BERLIN: When faced with question whether to have 20 euros (USD 22) now or 50 euros in a month, adolescents often yield to the impulse to take the immediate reward rather than waiting for the bigger one, said a study of Max Planck Institute for Human Development on Tuesday.
Researchers at Stanford University, the Max Planck Institute for Human Development, and the University of California, Davis, have investigated why it is so difficult for adolescents to resist short-term temptations by studying the underlying brain mechanisms.
The results of their study have been published in the Proceedings of the National Academy of Sciences of the USA (PNAS).
As the researchers found out, adolescents’ impatience is associated with a change in both brain structure and functioning.
The results of the study show that it was difficult for the adolescents to wait for the larger payment, because the structural connections between two key areas activated during decision making are not yet as strong in adolescents as they are in adults.

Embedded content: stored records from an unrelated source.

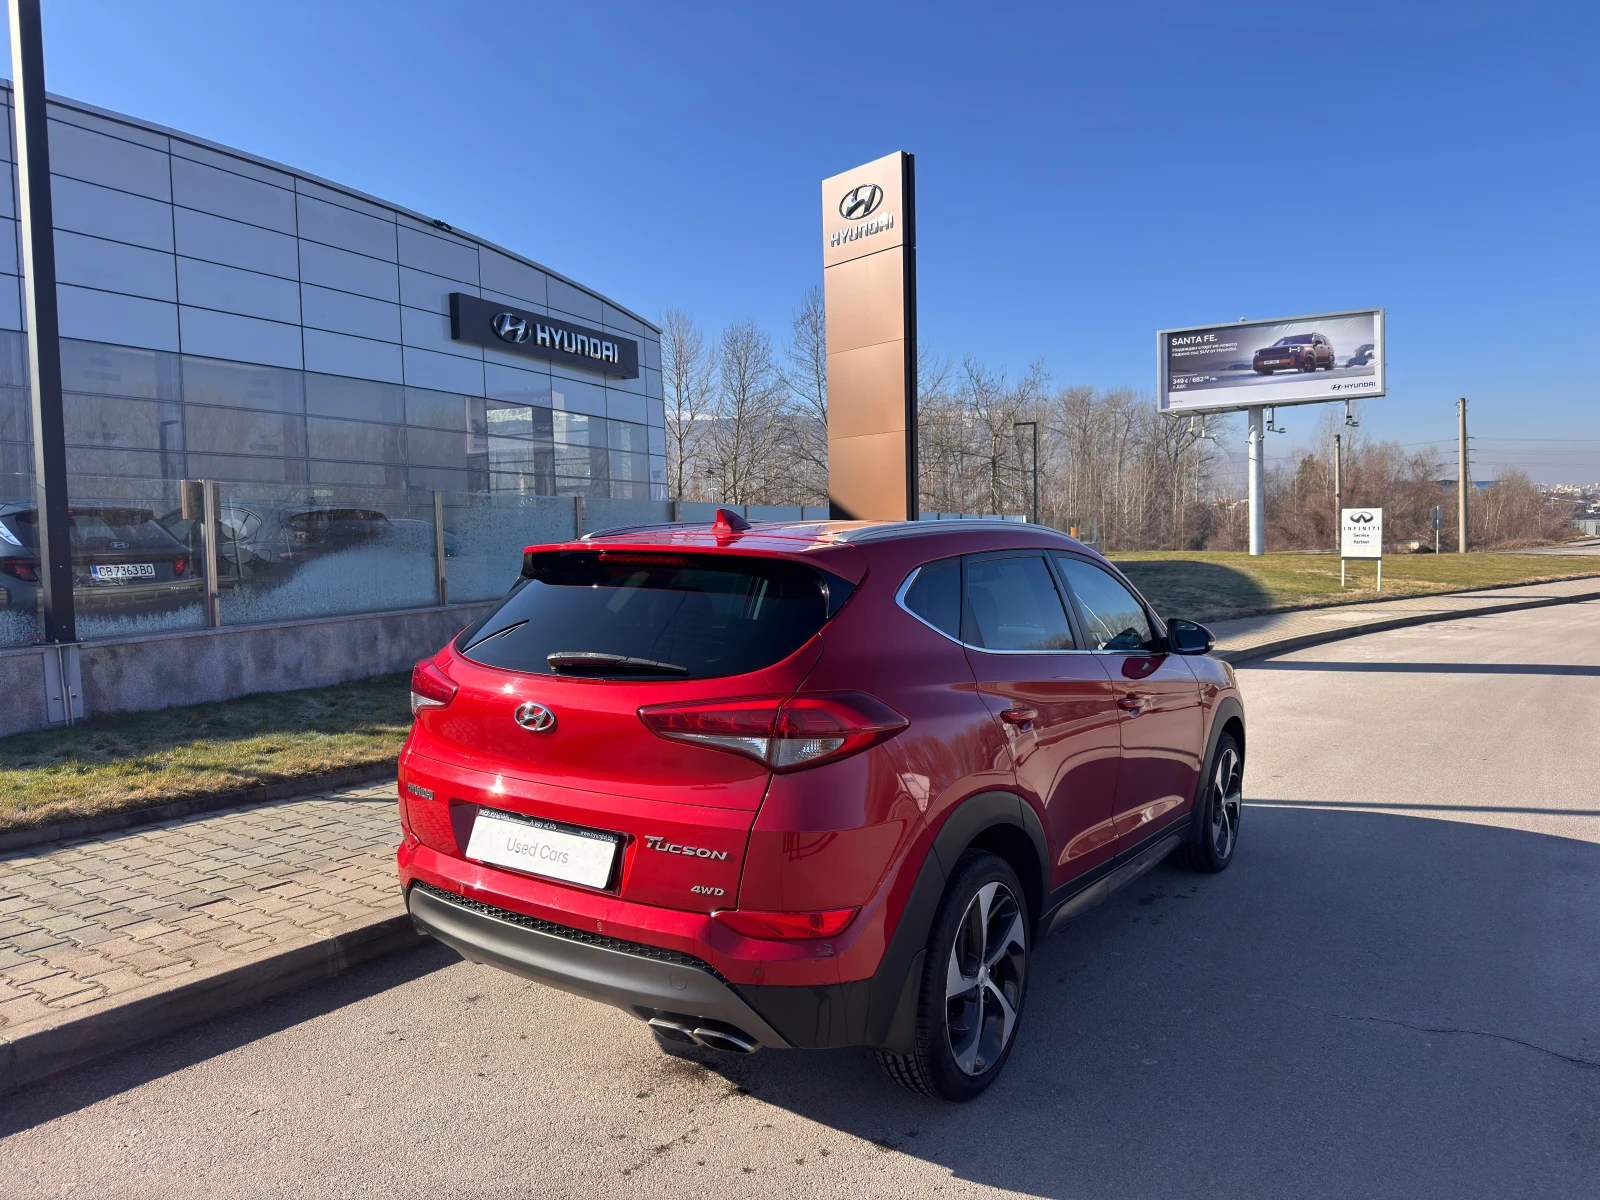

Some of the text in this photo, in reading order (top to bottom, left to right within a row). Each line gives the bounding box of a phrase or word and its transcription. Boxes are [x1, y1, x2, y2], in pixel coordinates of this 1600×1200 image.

[831, 212, 894, 248] HYUNDAI
[537, 323, 619, 364] HYUNDAI
[1171, 334, 1218, 346] SANTA FE.
[1344, 381, 1376, 389] HYUNDAI
[506, 837, 569, 864] Used Cars
[644, 835, 728, 860] TUCSON
[690, 885, 725, 896] 4WD

These two areas are the dorsolateral prefrontal cortex, which is activated by tasks such as planning for the future, and the striatum, which is part of the reward evaluation system.

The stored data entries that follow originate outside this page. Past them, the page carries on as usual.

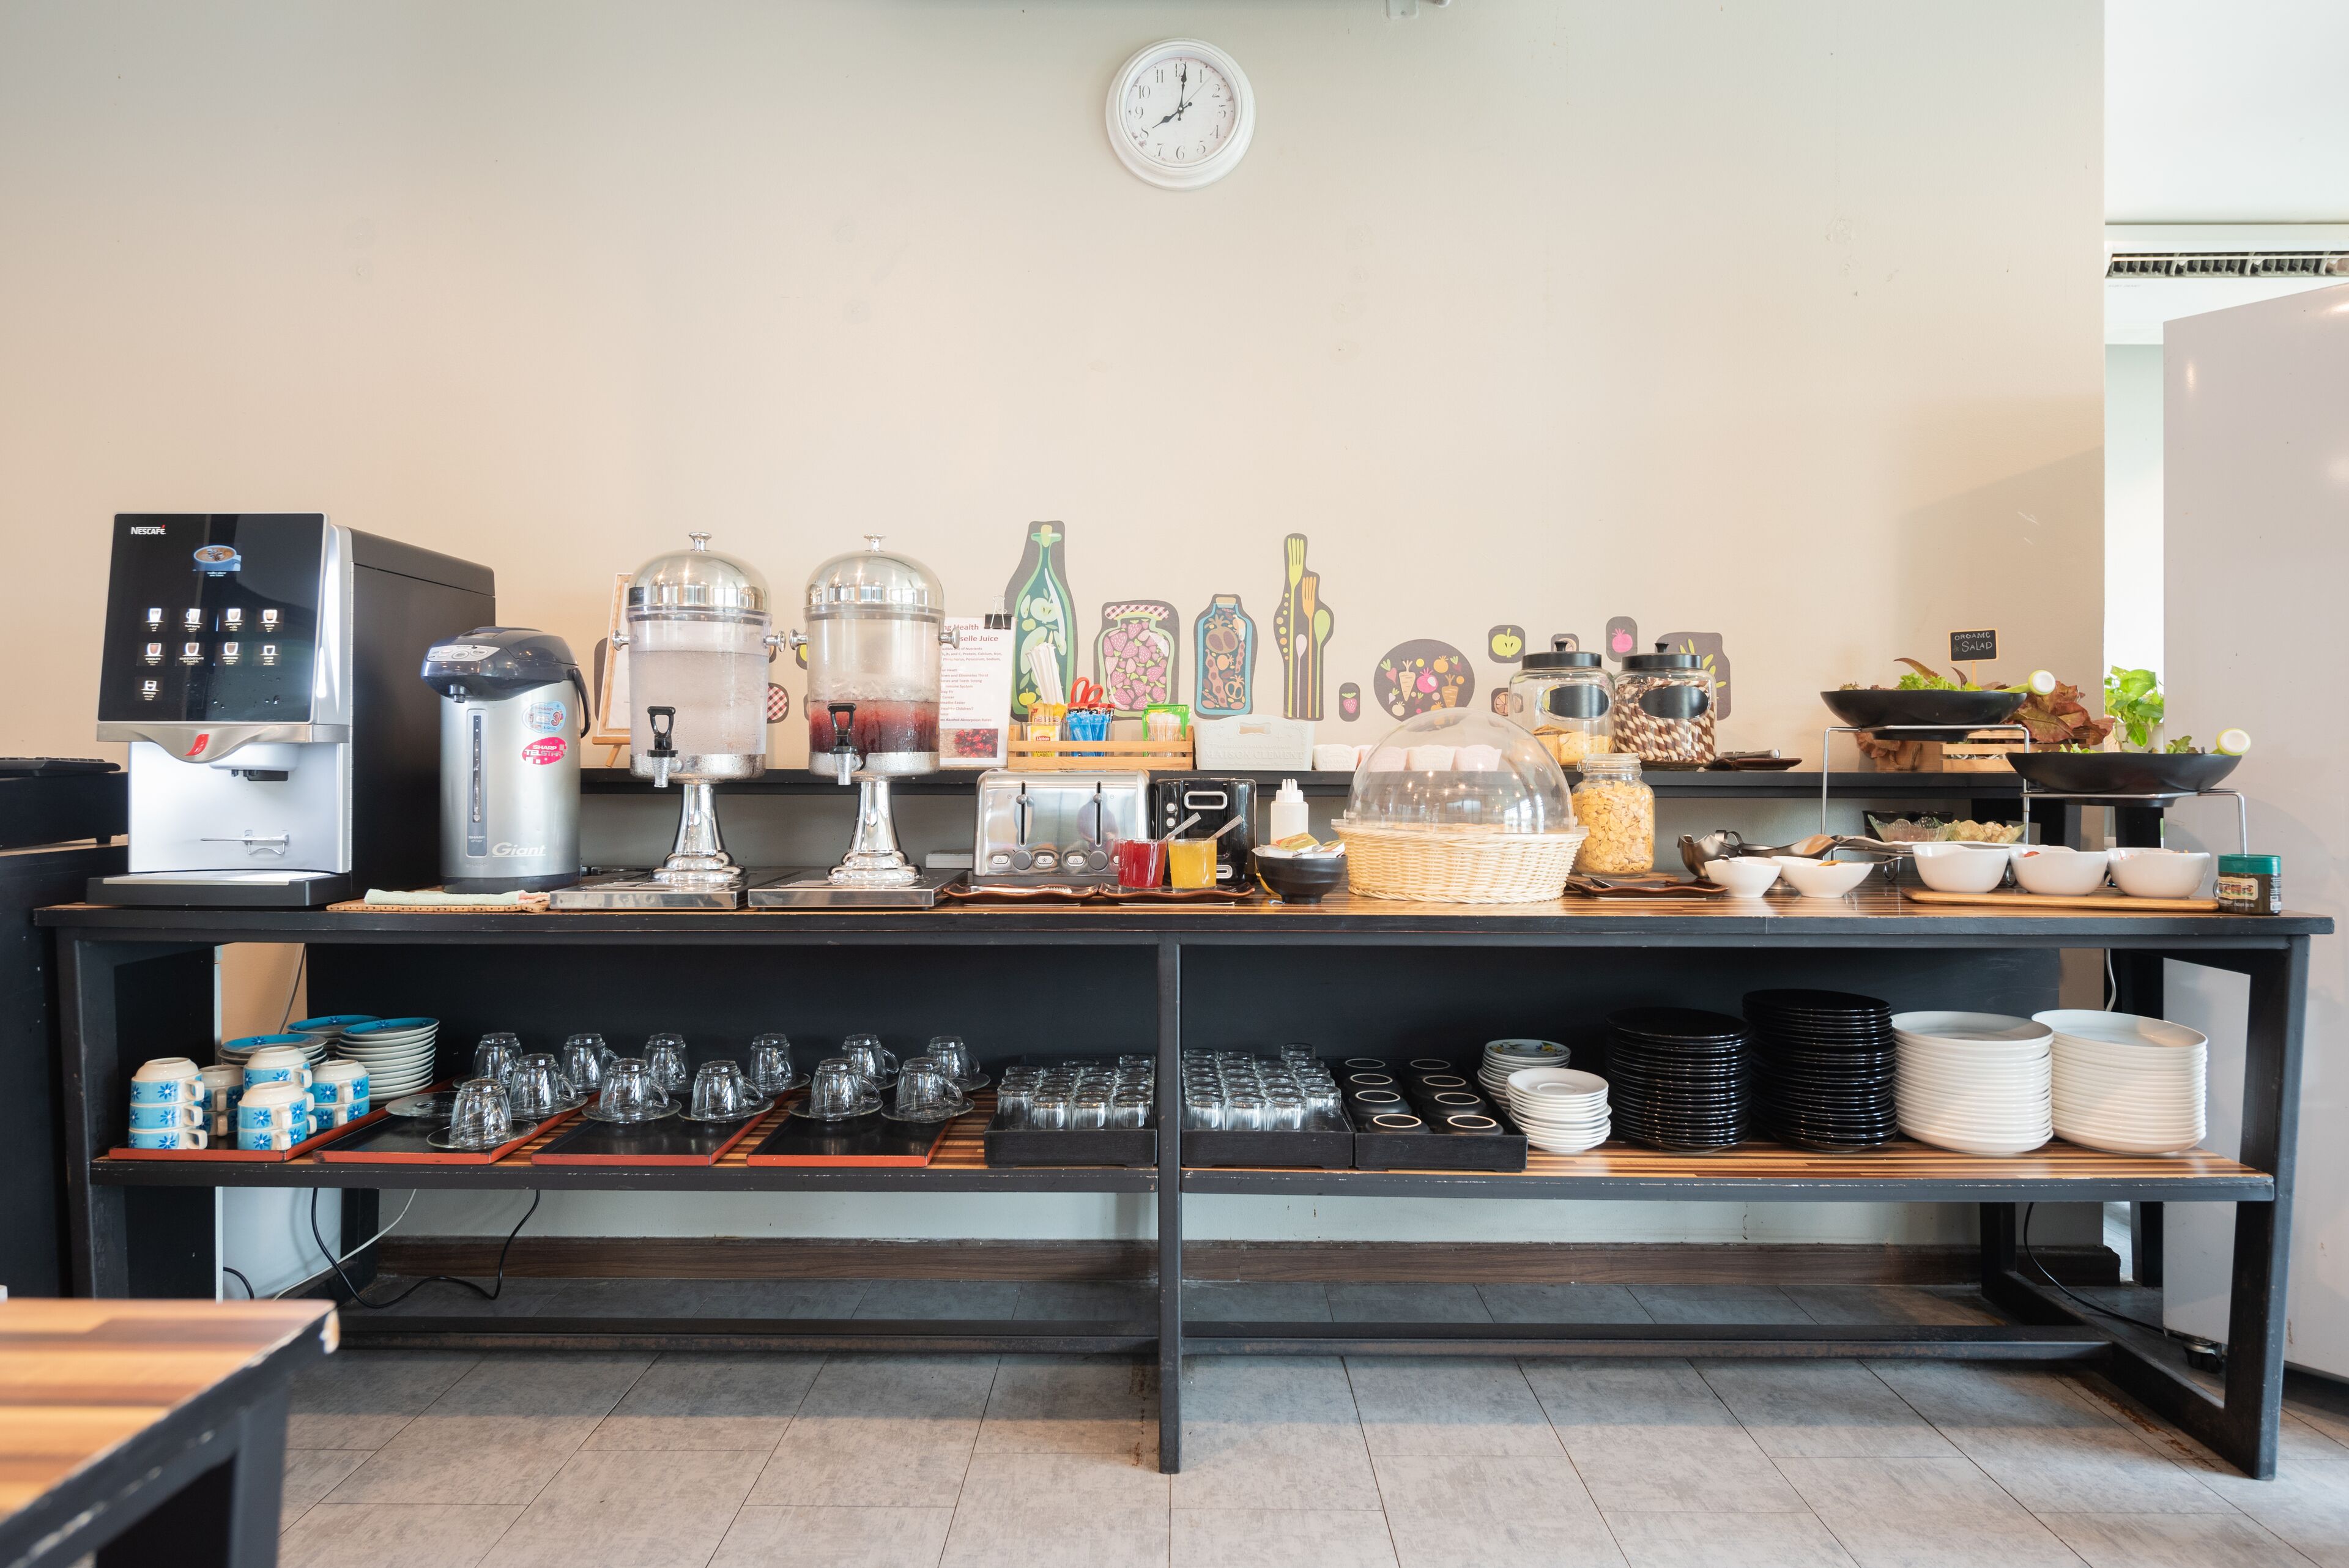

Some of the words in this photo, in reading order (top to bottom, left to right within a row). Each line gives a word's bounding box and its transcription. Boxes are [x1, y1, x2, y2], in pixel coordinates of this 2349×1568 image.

[1156, 69, 1163, 83] 11
[1199, 69, 1203, 83] 1
[1139, 85, 1151, 99] 10
[1135, 106, 1143, 119] 9
[1140, 126, 1149, 139] 8
[1209, 125, 1219, 139] 4
[1157, 143, 1165, 157] 7
[1176, 146, 1185, 160] 6
[1197, 140, 1206, 154] 5
[551, 712, 560, 726] 3
[492, 842, 546, 856] Giant

Due to the lower connection strength, the influence of the dorsolateral prefrontal cortex on reward evaluation is relatively limited in adolescence, which is why larger but later options appear less appealing and impulsivity prevails, said the study.
“It’s not that adolescents don’t plan for the future at all. But when they make decisions, they focus much more on the here and now,” said Wouter van den Bos, lead author of the study and researcher in the Center for Adaptive Rationality at the Max Planck Institute for Human Development in Berlin.
With increasing age, however, the connections between the two areas of the brain become stronger, and future goals come to play a more important role in making decisions.
As a result, adolescents gradually learn to curb their impatience and to take a more forward-looking approach, said the study.